Contemporaneamente ai socialisti religiosi svizzeri, sorsero gruppi socialisti religiosi simili anche in altri paesi. Presto, quindi, si svilupparono rapporti tra gli Svizzeri e la “Christian socialist Fellowship” intono a Rauchenbusch e con il “Cristianisme social” francese intorno a Gounelle, Monod, Passy, Gide e Fallot. La collaborazione con gli amici in altri paesi divenne così stretta che nel 1910 si convocò un congresso internazionale del cristianesimo socialista a Besançon. Più tardi entrarono a far parte dell’unione internazionale gruppi provenienti da Belgio, Itlaia, Olanda, Scandinavia, Cecoslovacchia, America e Giappone.

Il concresso mondiale del cristianesimo sociale, previsto per il settembre 1914, venne impedito dallo scoppio della prima guerra mondiale. La guerra pose anche temporaneamente fine al movimento internazionale. Esso non riunì più pubblicamente fino al 1918.

Ma dopo la guerra le conferenze vennero riprese a intervalli triennali.

Nella conferenza di Barchem, 1924, la delegazione tedesca si distinse in modo particolare. Era soprattutto il circolo di Tillich che muoveva delle critiche all’attesa del regno di Dio di Ragaz.

Nelle conferenze di Le Loche, 1928, e Lievin, 1931, le questioni di politica contemporaneamente passarono in primo piano: la crisi dell’economia mondiale e l’avanzata del nazionalsocialismo. Le conferenze presero posizione con voti decisi nei riguardi dei rispettivi problemi.

All’ultima conferenza internazionale prima della seconda guerra mondiale in Eptingen (Basilea), 1938, i Tedeschi già non poterono più partecipare. In compenso Otto Banez, il presidente dei socialisti religiosi austriaci, divenne speaker del congresso. Egli tirò le somme sul fallimento del socialismo nei confronti del fascismo.

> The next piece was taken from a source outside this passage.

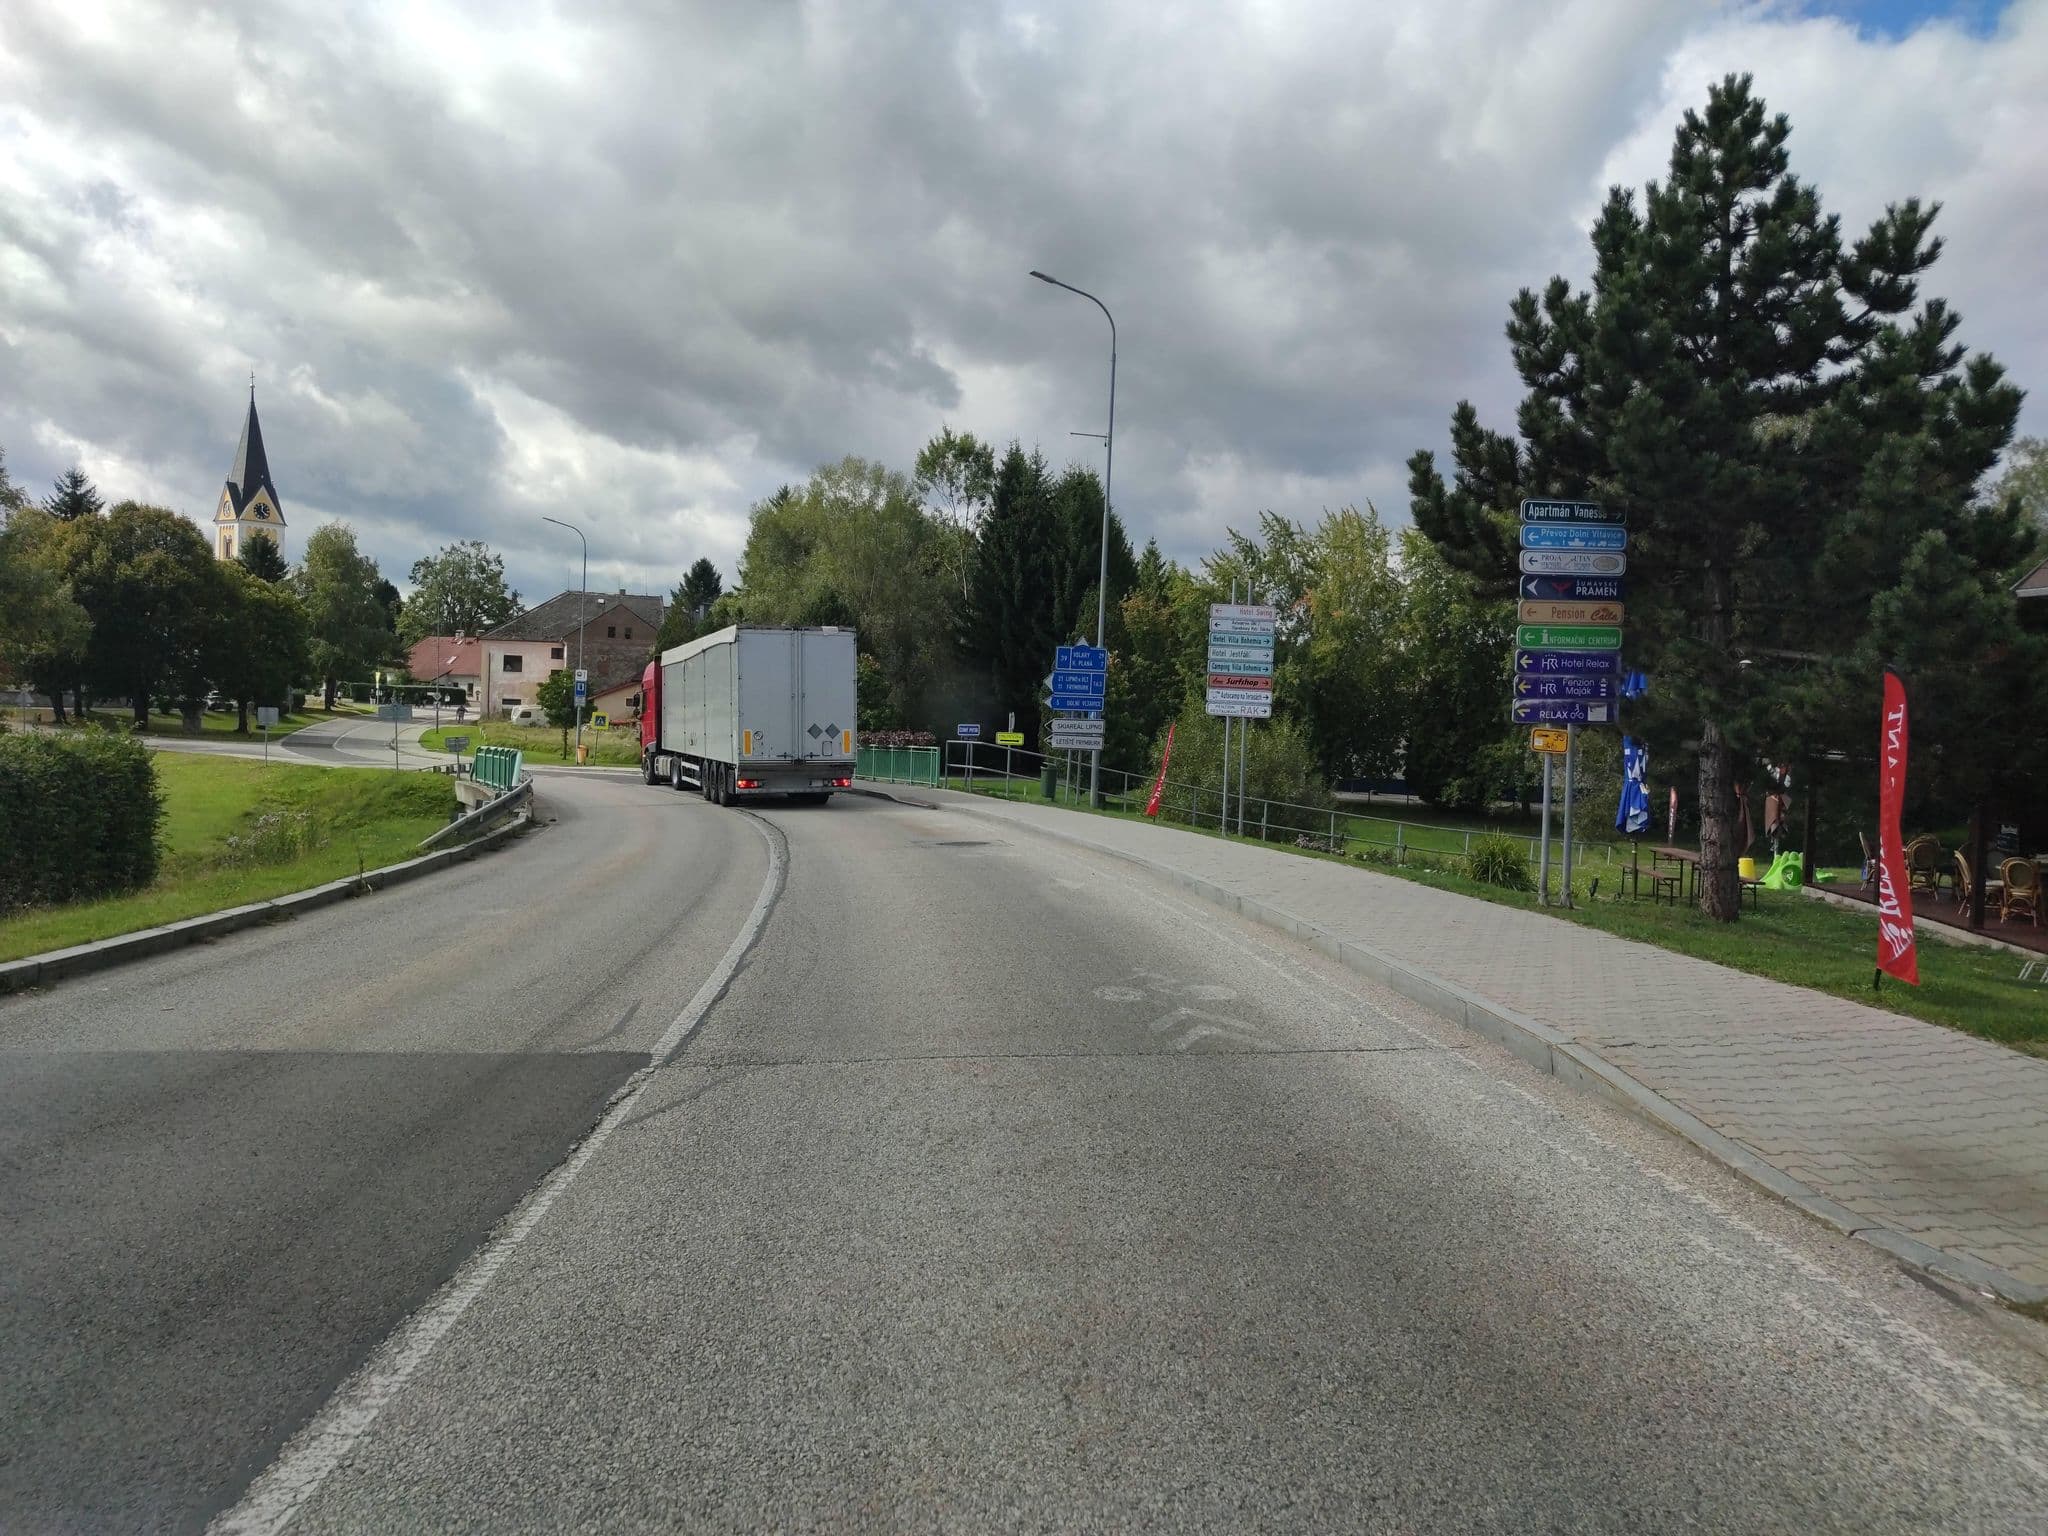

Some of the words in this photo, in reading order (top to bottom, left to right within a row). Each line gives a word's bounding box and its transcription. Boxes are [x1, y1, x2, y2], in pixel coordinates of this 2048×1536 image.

Dopo la seconda guerra mondiale si ebbe una nuova orientazione generale del socialismo religioso. La federazione internazionale dei socialisti religiosi che scelse come sede Bentveld, in Olanda, saluitò nel 1953 la risoluzione votata unanimemente dall’Internazionale dei partiti socialdemocratici in Bentveld secondo la quale il Cristianesimo è stato una delle sorgenti spirituali ed etiche del socialismo in Europa. La lega considerò questo distacco dall’ideologia marxista come frutto della sua opera. (periodo della guerra fredda, N.d. r). Questa risoluzione operò il mutamento dei programmi dei partiti socialdemocratici e la formazione di rapporti positivi con la Chiesa.

  1. D) LO SVILUPPO DEL SOCIALISMO RELIGIOSO TEDESCO DEL DOPOGUERRA

Benché ls tradizione in Germania fosse interrotta dal terzo Reich, un intenso lavoro religioso-sociale venne ripreso nel 1945 in diverse località come Francoforte, Darmstard e Berlino. Così le regolari riunioni domenicali tenute dal 1946 in Francoforte intorno a Emil Fuchs, Ludvig Metzger e Walter Dirks erano inizialmente molto frequentate. Gli uomini disorientati dal crollo dovevano essere preparati con molti discorsi al lavoro per il futuro.

Ingiustamente regnava l’impressione che il primo socialismo religioso fosse fallito. Dato che, inoltre, sembrava superata la vecchia inimicizia tra cristianesimo e socialismo, tra Chiesa e socialdemocrazia, si reputò del tutto superata una organizzazione del socialismo religioso.

Quando, poi, in Kassel nel 1948 venne nuovamente fondata una “Lega di socialisti religiosi”, doveva trattarsi di un inizio totalmente nuovo. Ora si rifiutava il concetto di un “socialismo religioso” come una forma particolare del socialismo. In sua vece la lega sosteneva un cristianesimo evangelico sulla base del socialismo democratico.

La nuova unione che dal 1957 porta la denominazione aggiunta di “Comunità per cristianesimo e socialismo” (organo: Cristiano e socialista curato da Heinrich Shleich, Francoforte sul Meno, è composta di piccoli gruppi e di una quantità di singoli che sostengono pubblicamente le loro opinioni in incontri serali e in occasionali manifestazioni maggiori.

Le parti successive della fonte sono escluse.